Renowned theologian, Dr Isabel Phiri, who is an assistant general secretary with the World Council of Churches in Geneva, was refused entry by Israeli officials after landing at Ben-Gurion Airport holding a tourist visa yesterday.
It's quite common for Israel to refuse Palestinian activists in the BDS movement from entering the country but this is the first time a high profile foreign official has been denied entry on what media reports claim to be allegations of BDS activism.
Israel has increased pressure on BDS activists following its growing international support. Activists have succeeded in forcing major firms like Veolia, Orange and G4S to downscale their operations in Israel.
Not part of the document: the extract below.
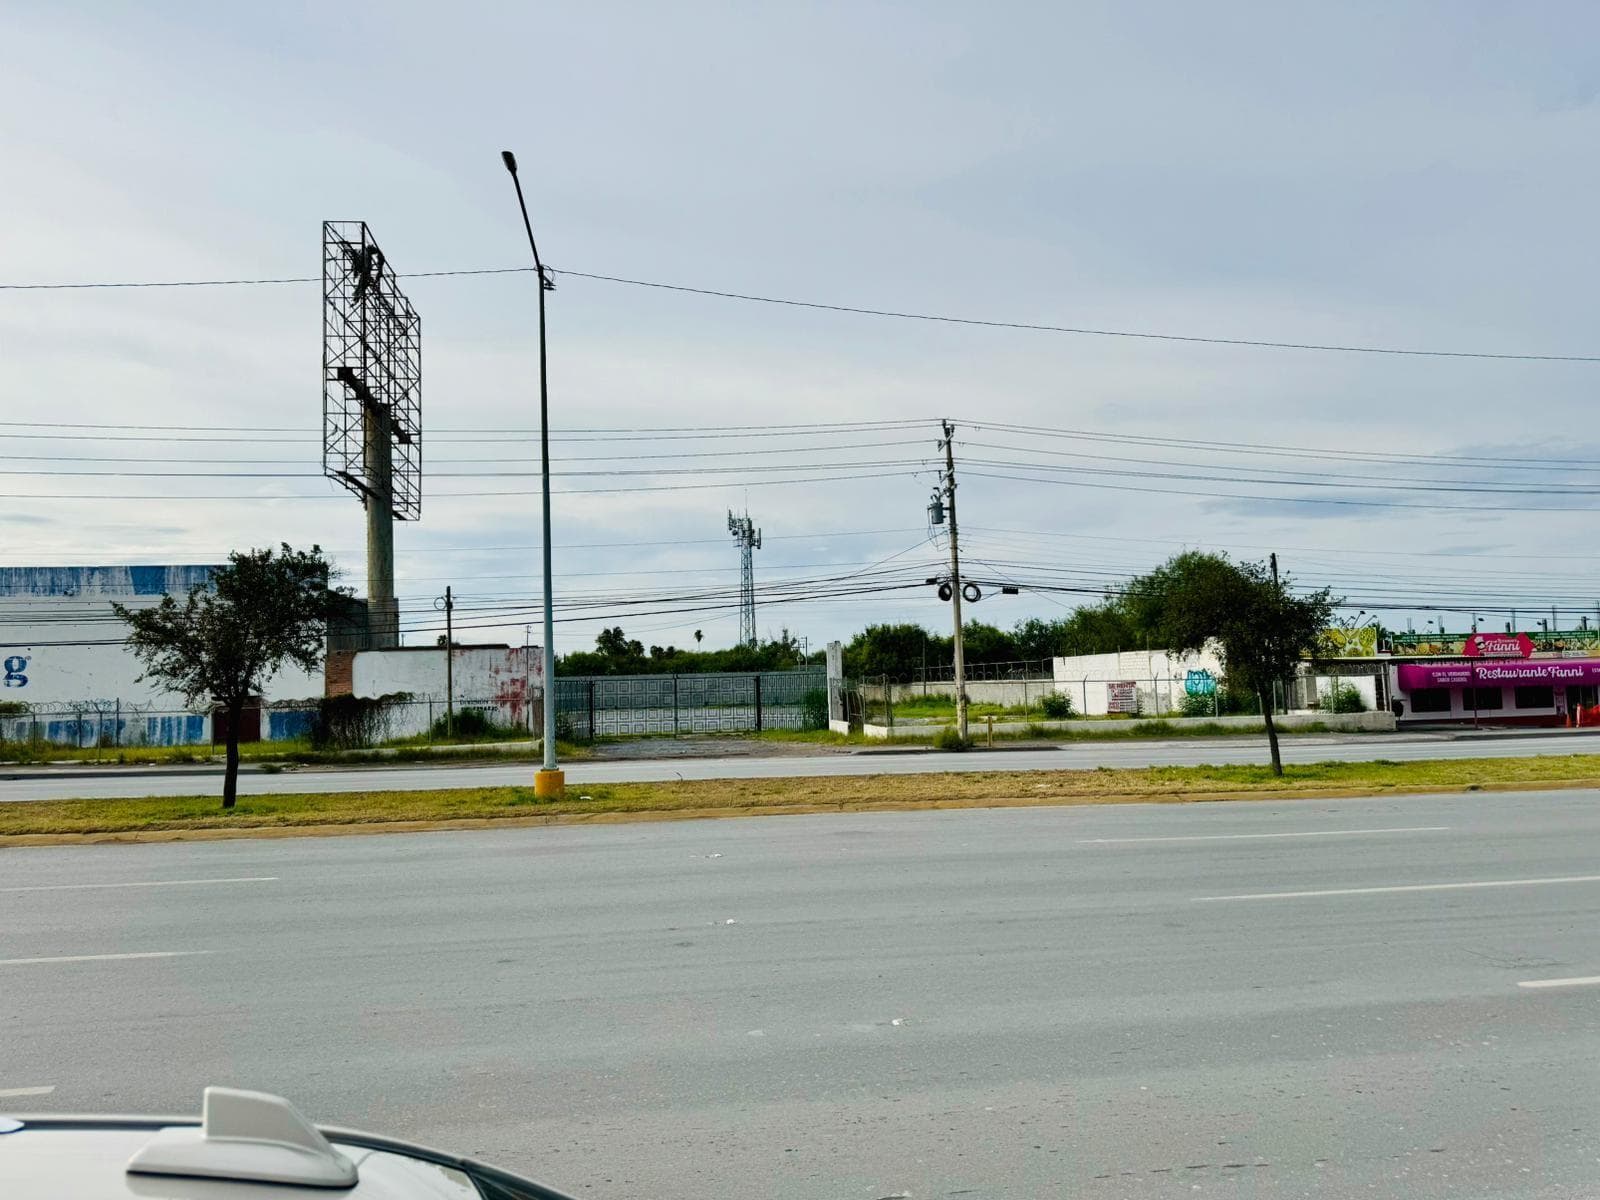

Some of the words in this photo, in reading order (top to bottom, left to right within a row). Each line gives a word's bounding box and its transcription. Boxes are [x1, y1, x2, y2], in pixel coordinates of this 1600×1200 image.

A number of Israeli politicians cite BDS as an "existential threat" and pushed for draconian measures in targeting activists. There is currently a bill passing through the Israeli Knesset to prevent foreign supporters of the BDS movement from entering country.
Earlier this year, Omar Barghouti, one of the movement's co-founders, who is married to an Israeli citizen of Palestinian origin, was banned from leaving the country for a speaking tour.
In a statement reported by the Guardian, Israel's interior Minister commenting on the case said: "Granting an entry permit to activists such as Phiri would in effect reinforce the wrongful activities she and her peers are advancing and I have no intention of lending a hand to that. I will use any authority at my disposal to avert harm to Israel."